So you need a creature or one of the player's characters to move from place to place in your game world. How do you do it?

Path finding can be reduced to answering the question "How do I get from point A to point B?" Generally, the path from one location to another location could potentially have several different solutions, but ideally, we want a solution that attains these goals:

1. How to get from A to B.

2. How to get around obstacles in the way.

3. How to find the shortest possible path.

4. How to find the path quickly.

In some cases no algorithm could attain any of these goals—for example, point A could be on an island completely isolated from point B. For every other case, we can use the A* algorithm—pronounced "A-star"—to attain all of these goals. It will find the shortest possible path from A to B (around obstacles too), and is fairly quick to compute.

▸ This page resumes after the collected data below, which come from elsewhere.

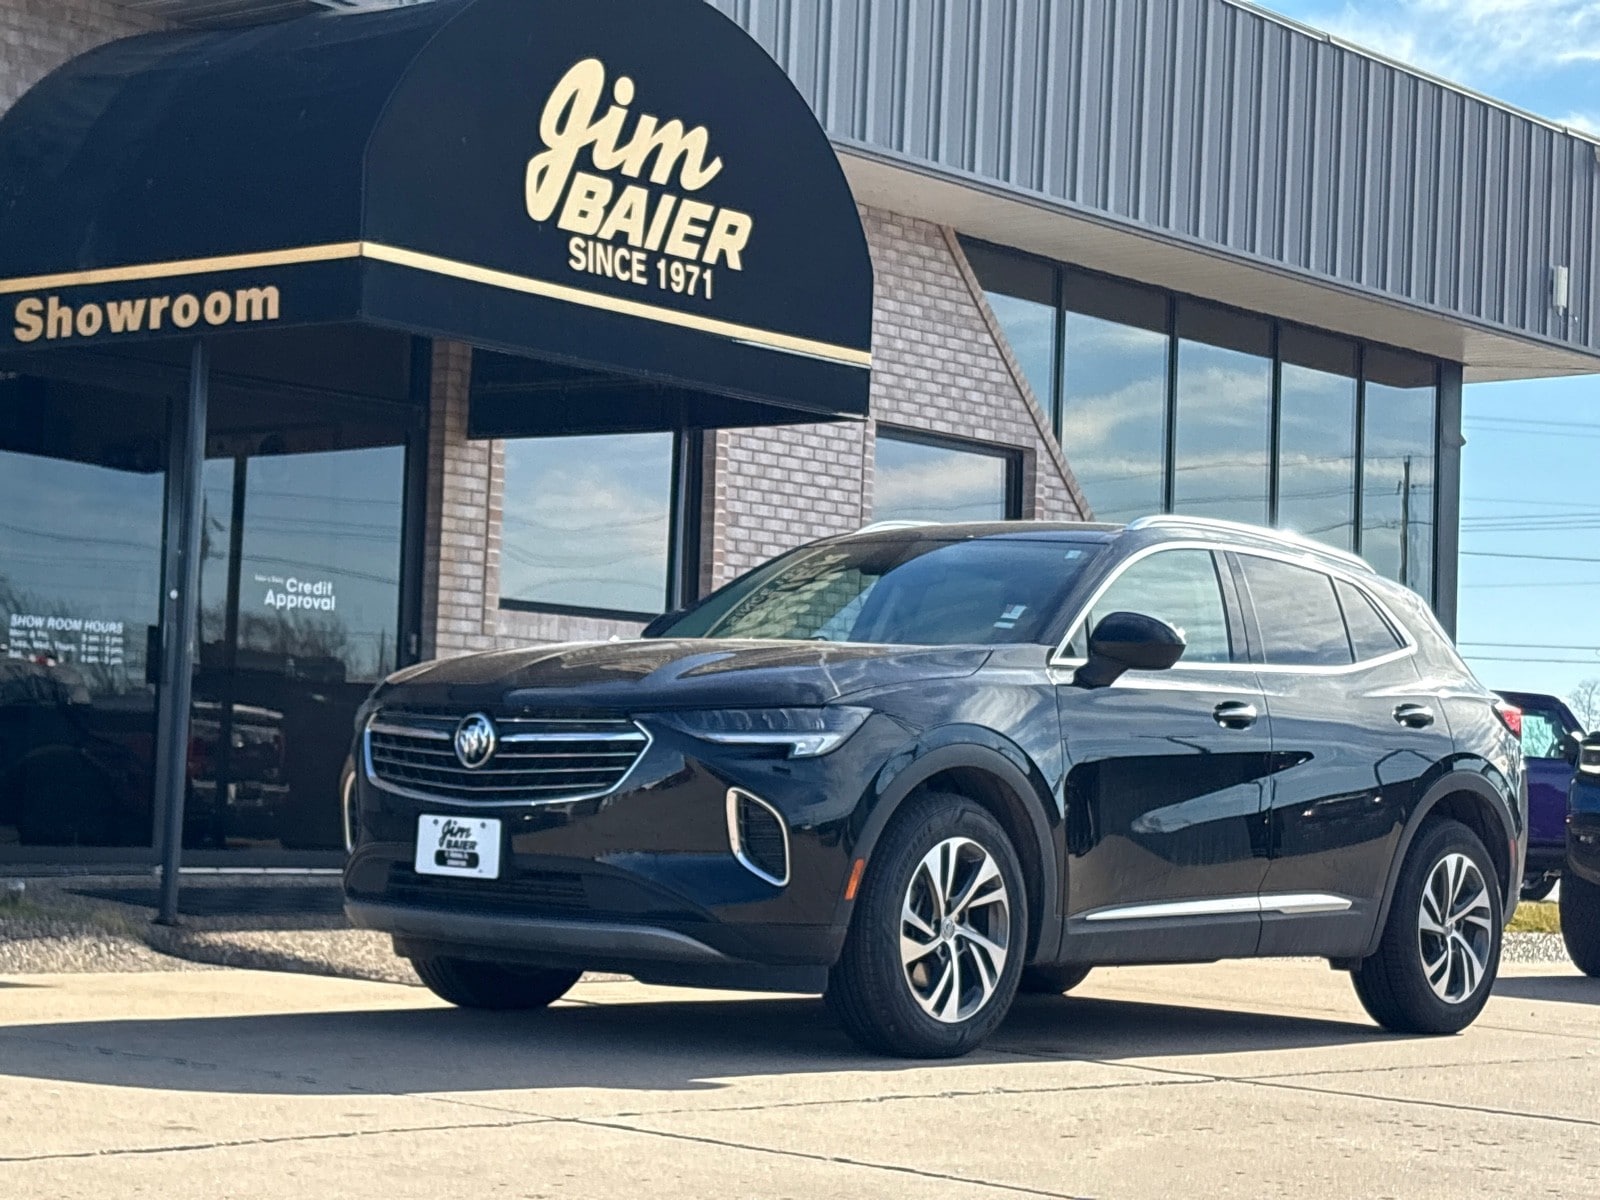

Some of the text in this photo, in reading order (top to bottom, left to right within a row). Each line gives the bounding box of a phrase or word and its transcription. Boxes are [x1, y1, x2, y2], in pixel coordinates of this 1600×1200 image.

[525, 58, 723, 222] Jim
[557, 171, 753, 271] BAIER
[568, 236, 713, 300] SINCE 1971
[14, 285, 280, 342] Showroom
[264, 589, 336, 611] Approval
[286, 577, 332, 596] Credit
[10, 613, 124, 634] SHOW ROOM HOURS
[439, 819, 472, 847] Jim
[446, 839, 477, 850] BAIER

The A* algorithm is a close relative to the simpler Breadth-first search algorithm and both are algorithms for searching a graph. A graph is a bunch of nodes grouped together by various edges, like in Figure 1. Figure 1 A simple graph.

Each node in a graph can have an indefinite number of children, or "neighbors." Some graphs are directed, meaning that an edge between two nodes can be traversed in only one direction. Looking at the example in Figure 1, all the edges are bi-directional except for one.

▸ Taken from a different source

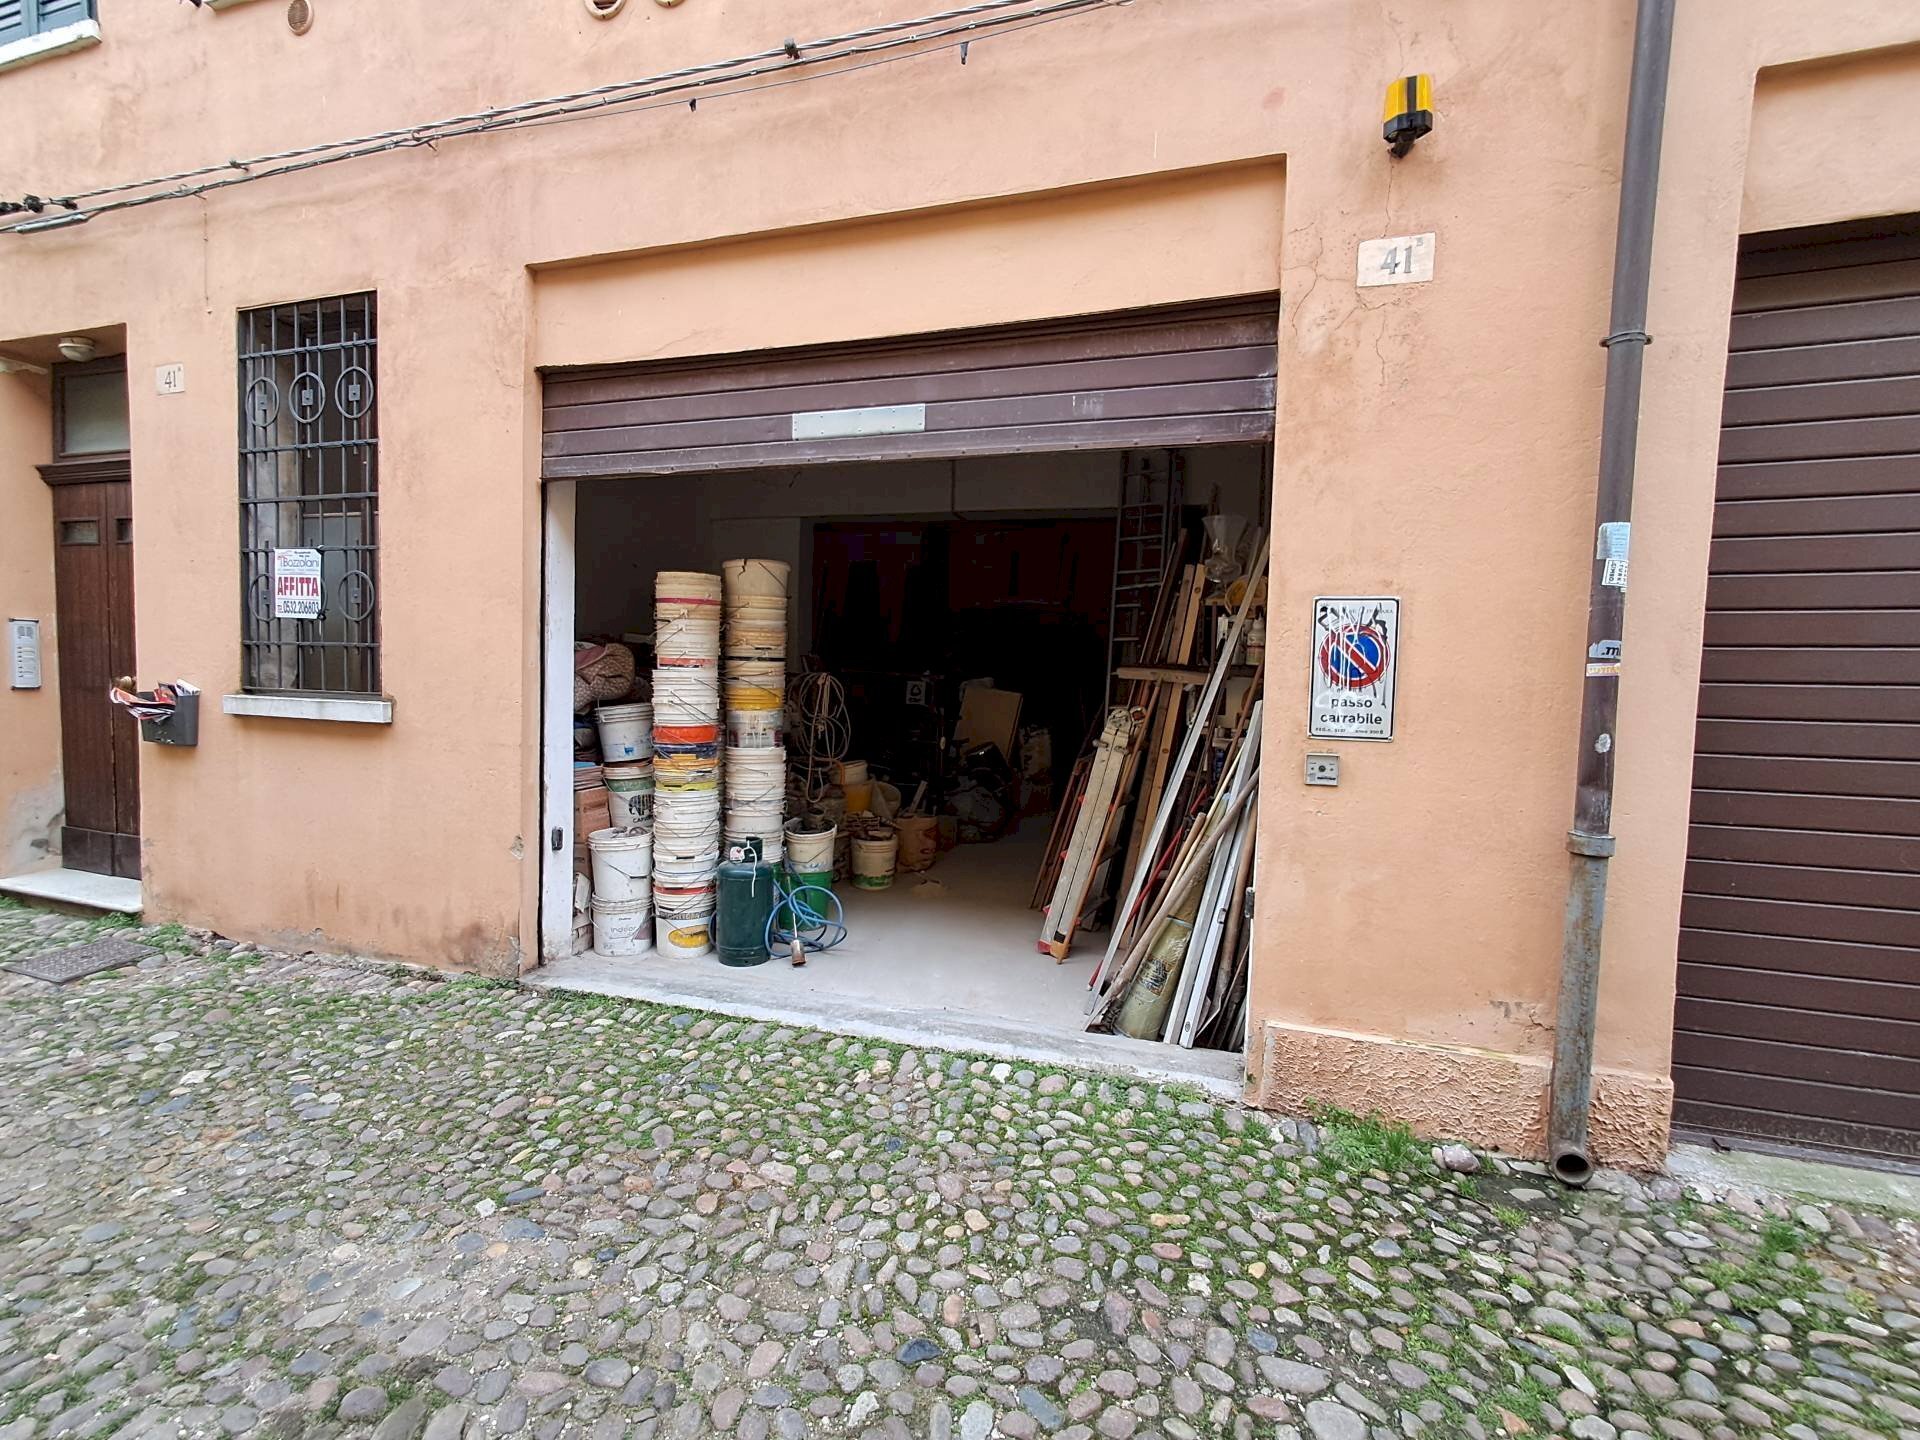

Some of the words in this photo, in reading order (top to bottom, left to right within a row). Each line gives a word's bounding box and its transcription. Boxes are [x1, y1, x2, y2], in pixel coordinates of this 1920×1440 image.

[1380, 245, 1413, 275] 41
[277, 576, 319, 597] AFFITTA
[1330, 697, 1373, 709] passo
[1320, 713, 1383, 725] carrabile

The nodes can be interpreted as anything you wish. For example, a node could be a cell in a 2D grid. Or, a node could be a "city" with the edges of the graph representing "highways." A unidirectional edge could be useful in situations such as when it's possible to jump down a cliff but not possible to jump back up. I'll show you how to interpret a typical game environment as a graph later. But first, let's go over the easy-to-understand breadth-first search.

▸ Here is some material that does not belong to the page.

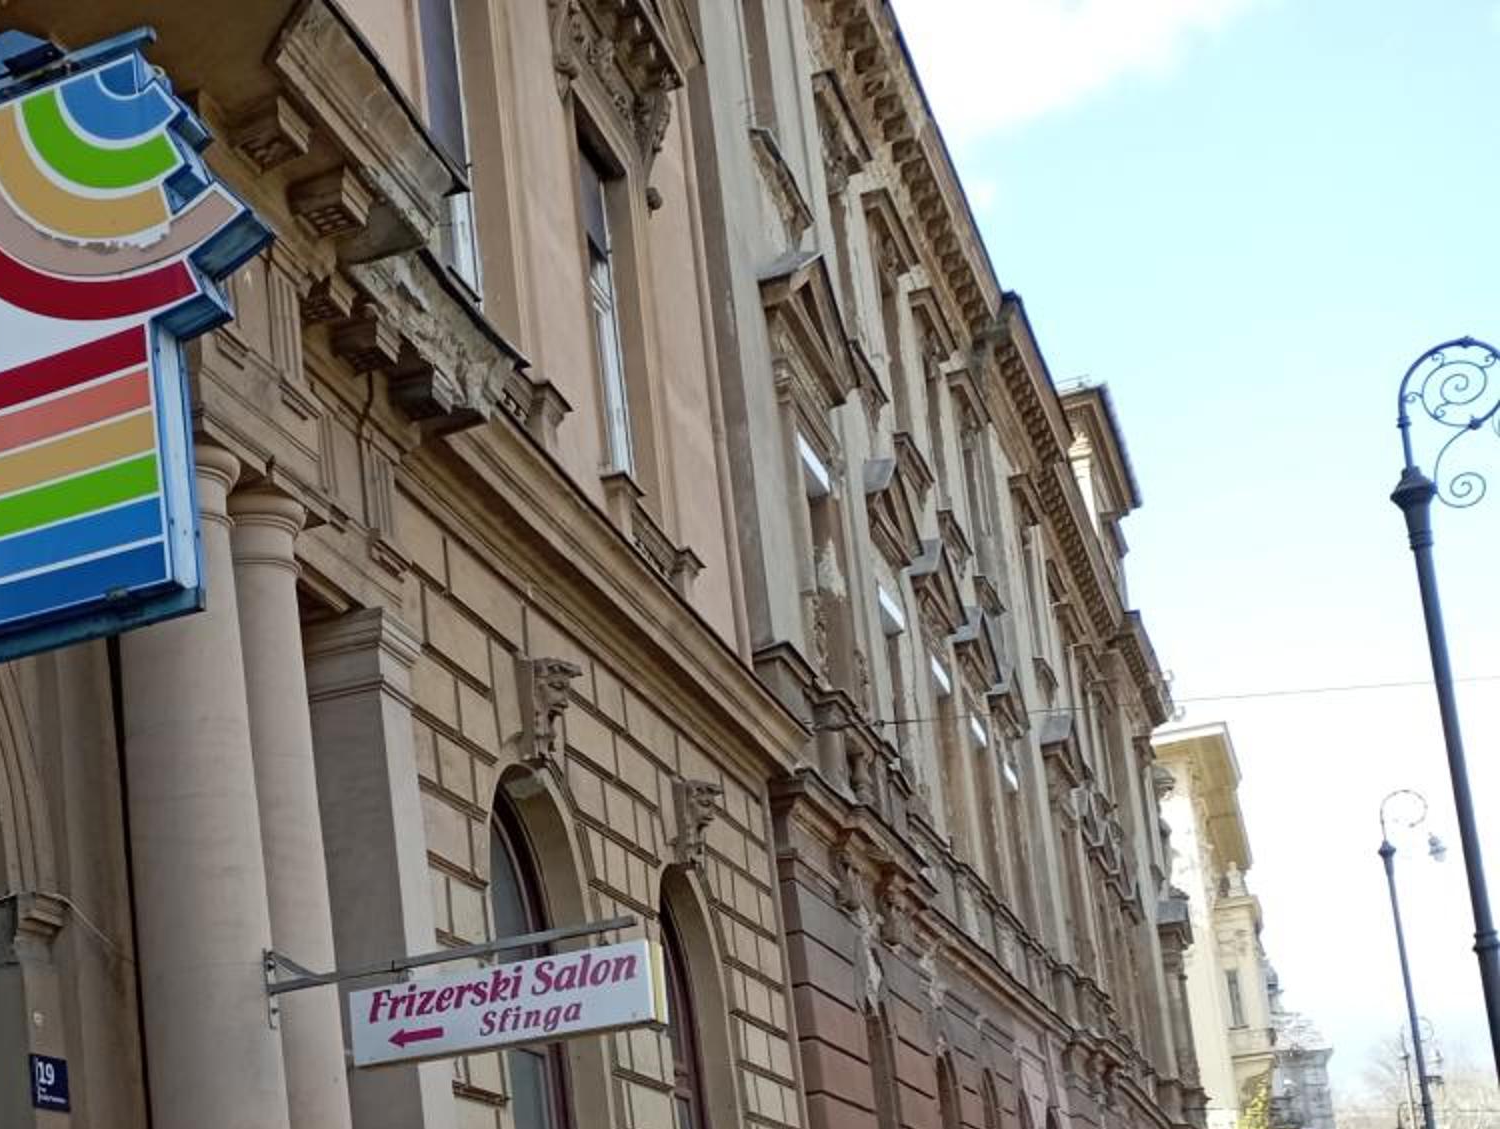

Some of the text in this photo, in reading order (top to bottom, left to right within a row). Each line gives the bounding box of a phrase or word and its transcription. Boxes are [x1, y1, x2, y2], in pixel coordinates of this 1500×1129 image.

[369, 953, 637, 1024] Frizerski Salon
[480, 1002, 582, 1036] Sfinga

We want to find the shortest path from node A to node B, or the fewest number of traversed edges to get to the goal. Looking at Figure 1, the solution is easy to determine, but how would you find the solution in code? An easy solution is to use a breadth-first search.

A breadth-first search involves visiting nodes one at a time. A breadth-first search visits nodes in the order of their distance from the start node, where distance is measured as the number of traversed edges. So, with a breadth-first search, first all nodes one edge away from the start node are visited, then two edges away, and so on until all nodes are visited. This way, we'll find the path from the start to the goal with the minimum number of traversed edges. Another way to word it is like this: Visit the neighbor nodes, then the neighbor's neighbor nodes, and so on until the goal node was found. An example of a breadth-first search is in Figure 2, where the nodes are numbered in the order they are visited. Figure 2 An example breadth-first search. The nodes are numbered in the order of the search.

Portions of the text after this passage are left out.